### Task statement
Reproduce the listing below word for word, with no pictures.

### Excerpted data
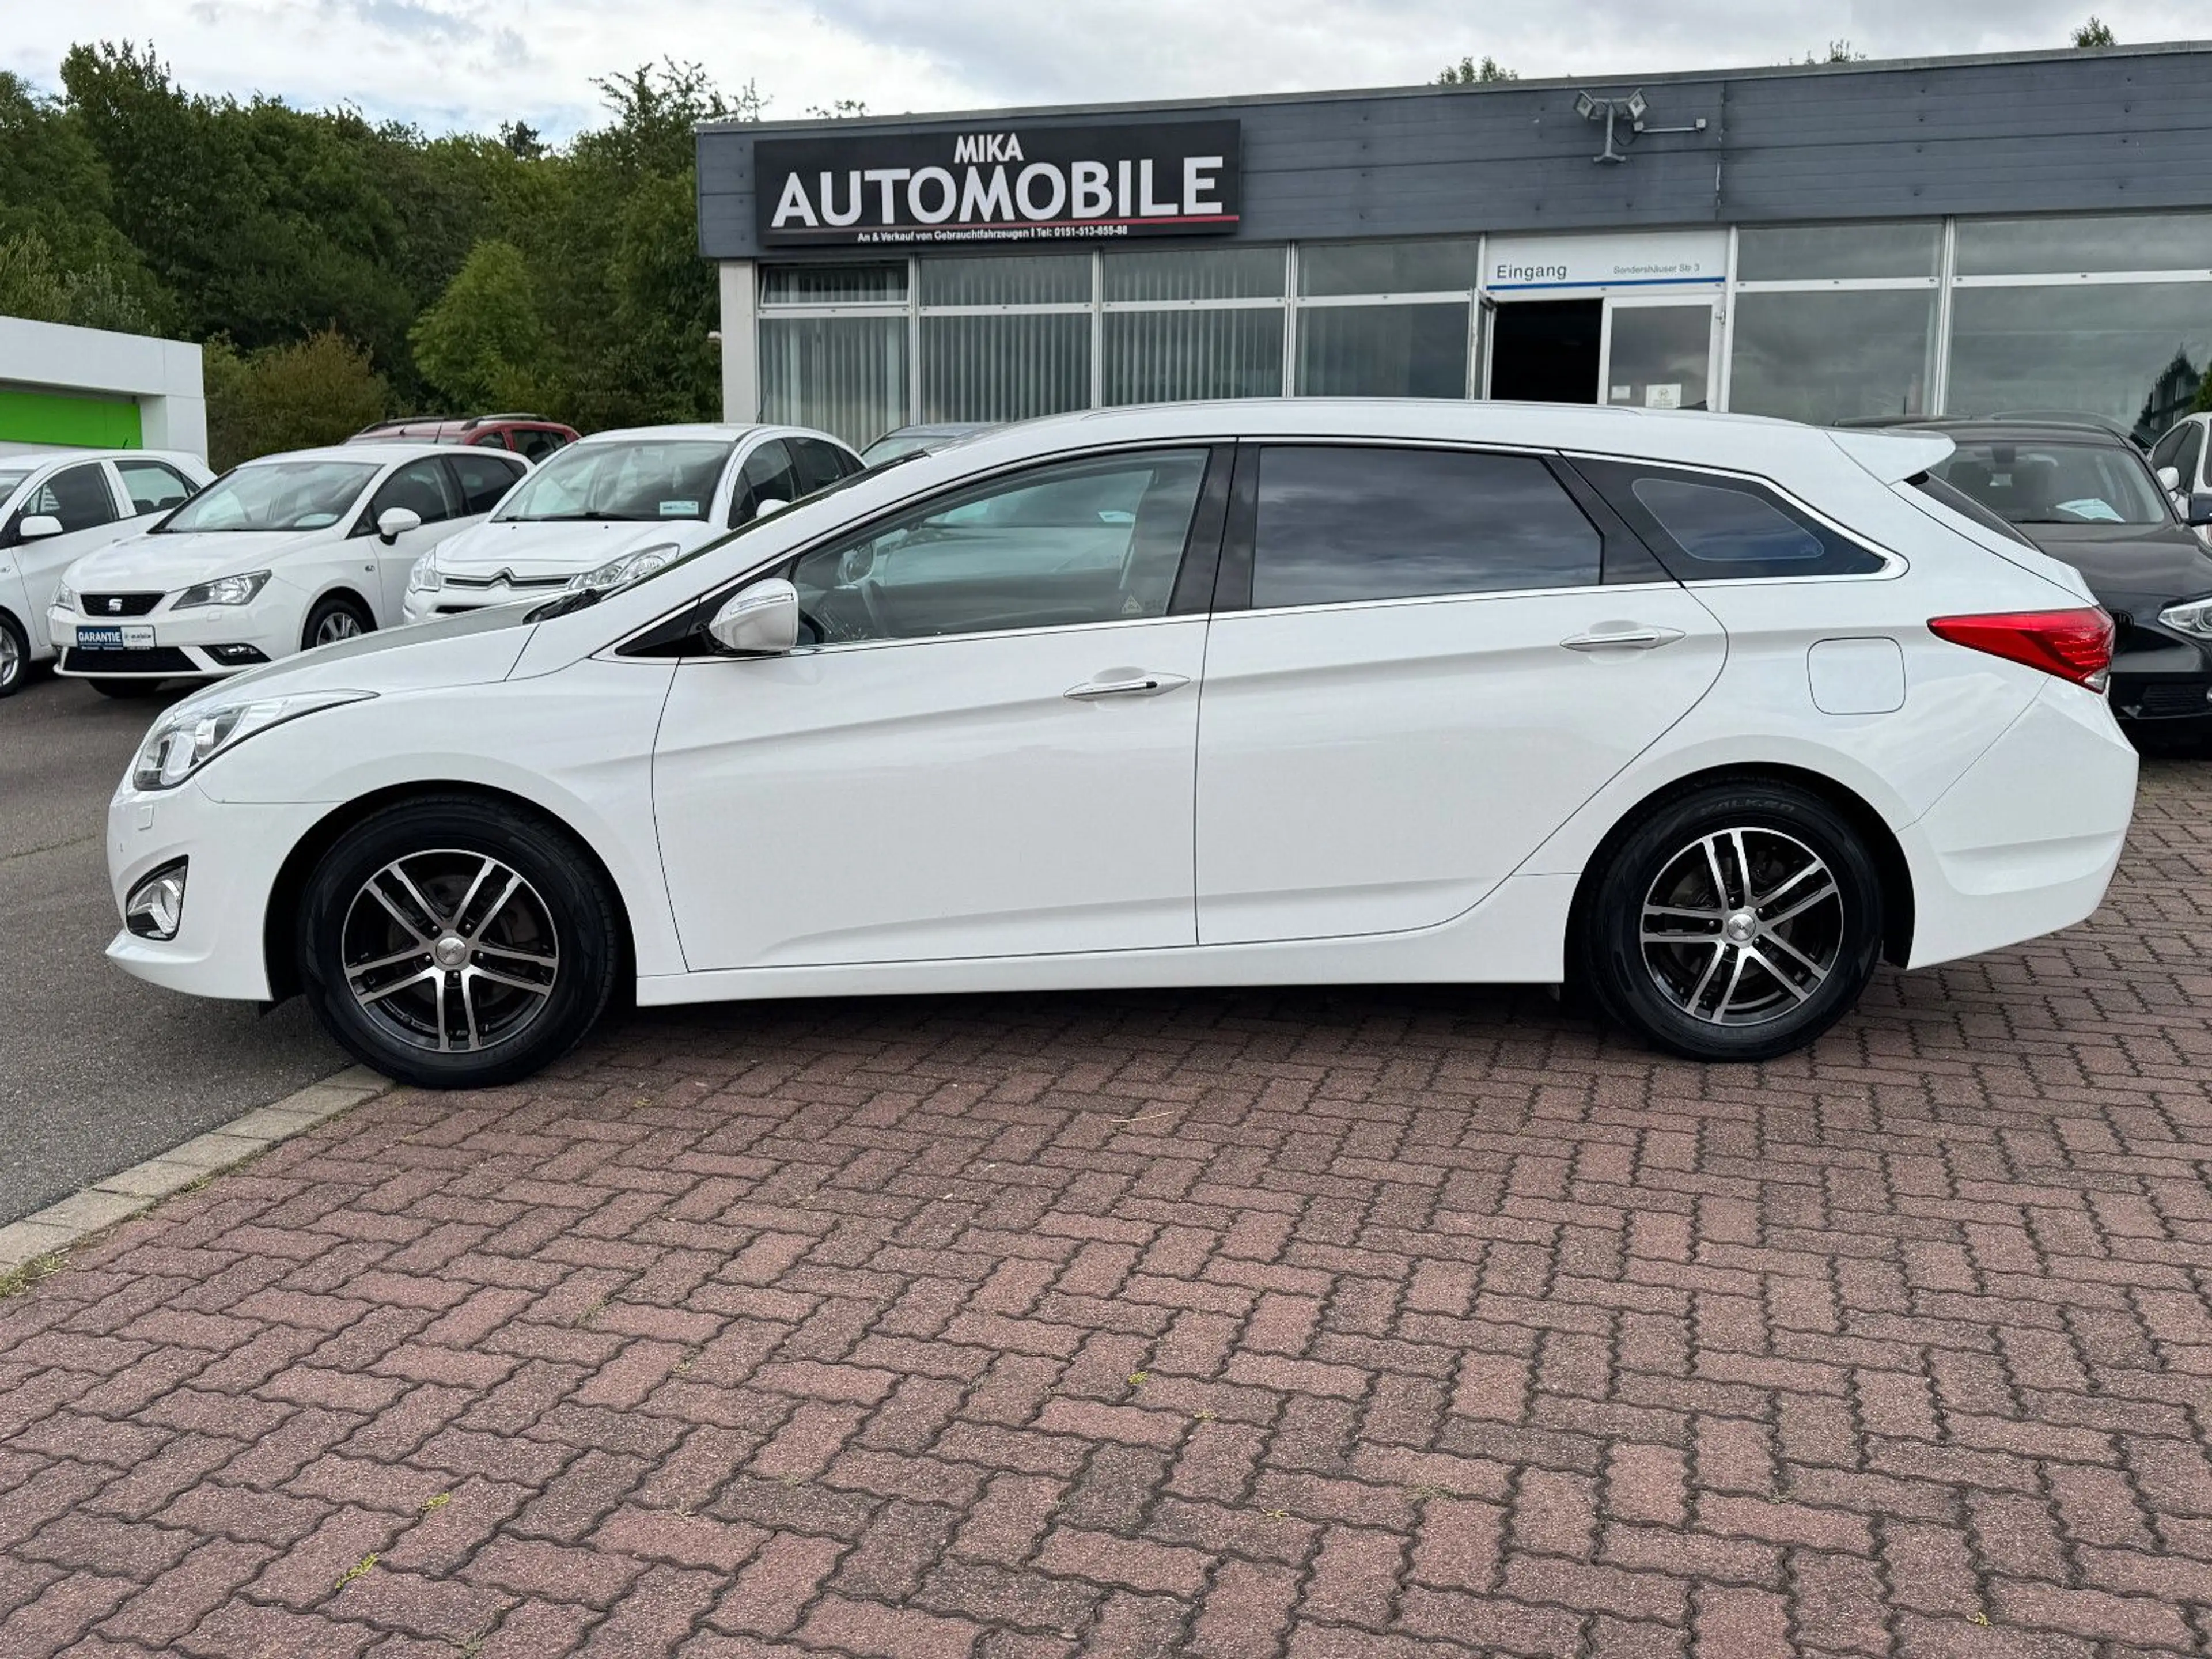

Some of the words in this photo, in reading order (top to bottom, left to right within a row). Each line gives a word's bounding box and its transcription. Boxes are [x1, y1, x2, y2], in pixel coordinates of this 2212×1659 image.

[954, 133, 1024, 164] MIKA
[771, 156, 1224, 228] AUTOMOBILE
[857, 232, 870, 242] An
[872, 232, 878, 242] &
[881, 230, 915, 242] Verkauf
[916, 233, 932, 241] von
[934, 228, 1029, 240] Gebrauchtfahrzeugen
[1036, 227, 1052, 237] Tel:
[1497, 264, 1566, 281] Eingang
[78, 631, 122, 643] GARANTIE
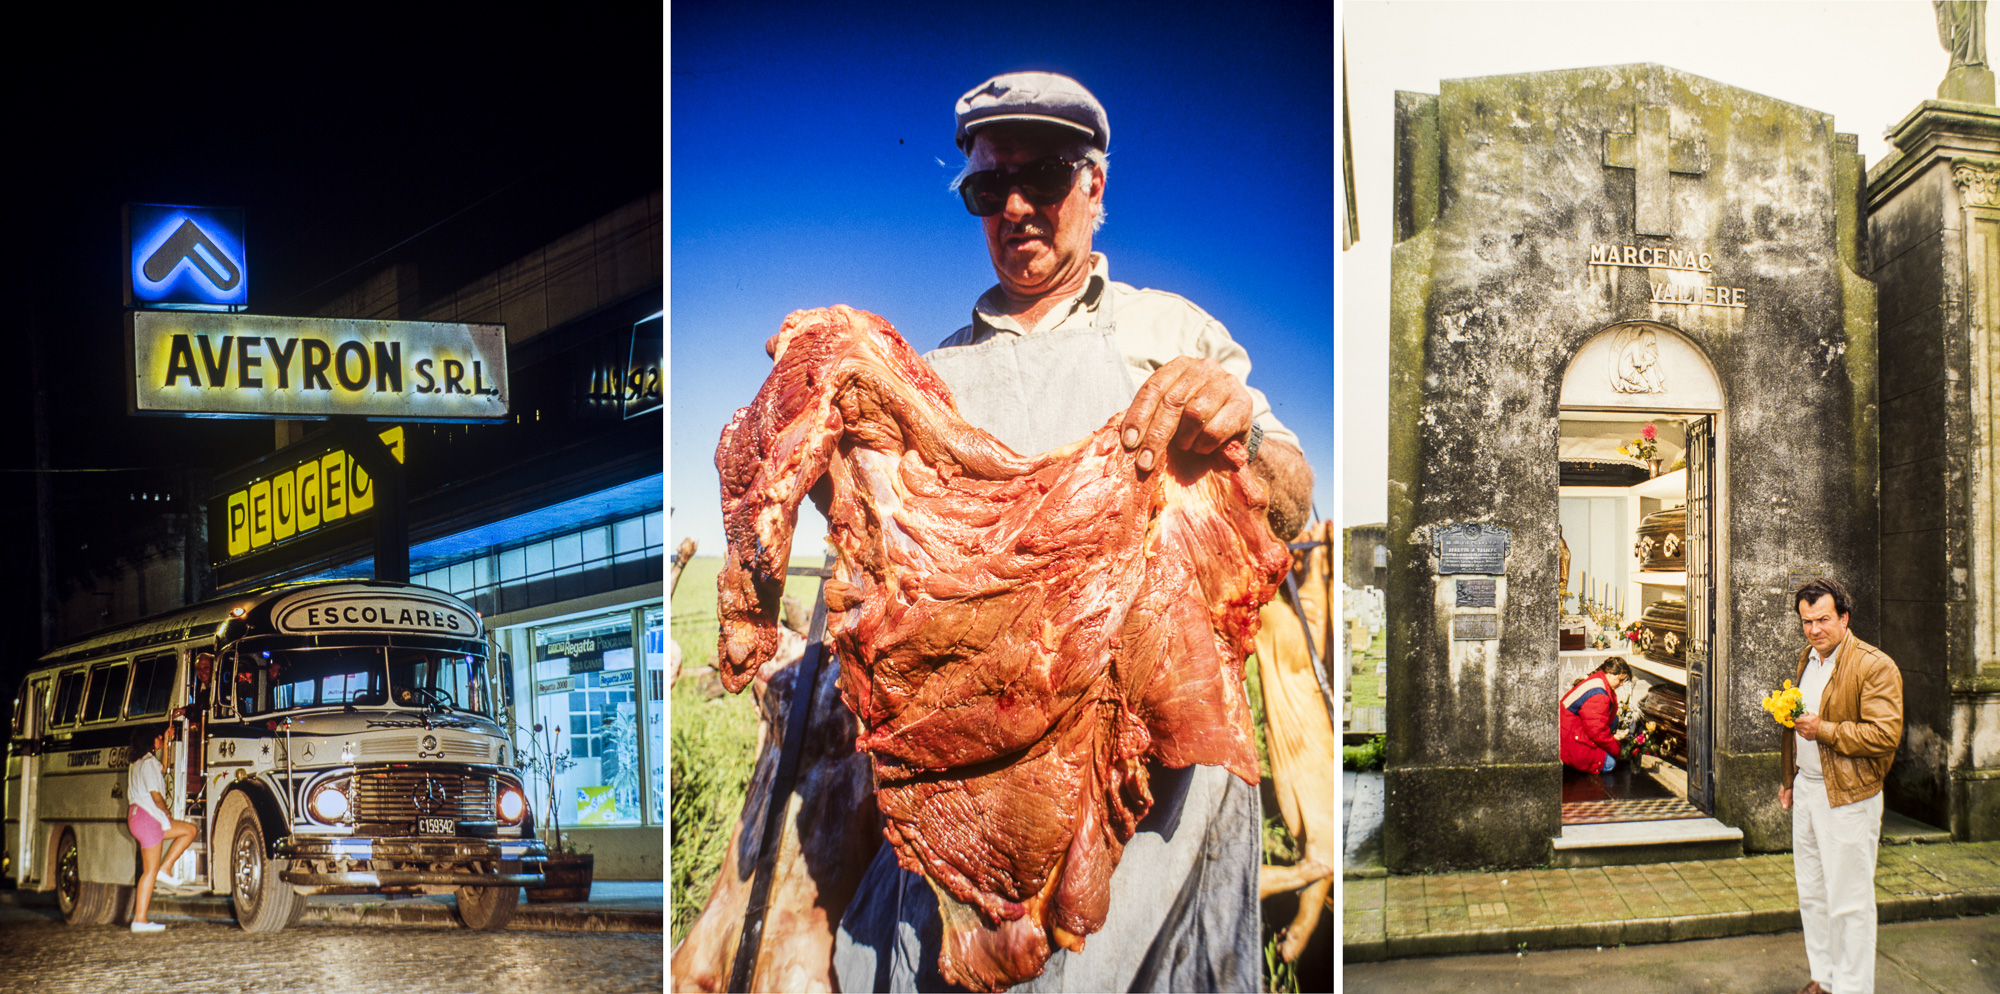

### Exercise solution
Some of the words in this photo, in reading order (top to bottom, left to right within a row). Each line gives a word's bounding box and its transcription. Boxes are [x1, y1, x2, y2], in pixel coordinates of this 2212×1659 image.

[954, 133, 1024, 164] MIKA
[771, 156, 1224, 228] AUTOMOBILE
[857, 232, 870, 242] An
[872, 232, 878, 242] &
[881, 230, 915, 242] Verkauf
[916, 233, 932, 241] von
[934, 228, 1029, 240] Gebrauchtfahrzeugen
[1036, 227, 1052, 237] Tel:
[1497, 264, 1566, 281] Eingang
[78, 631, 122, 643] GARANTIE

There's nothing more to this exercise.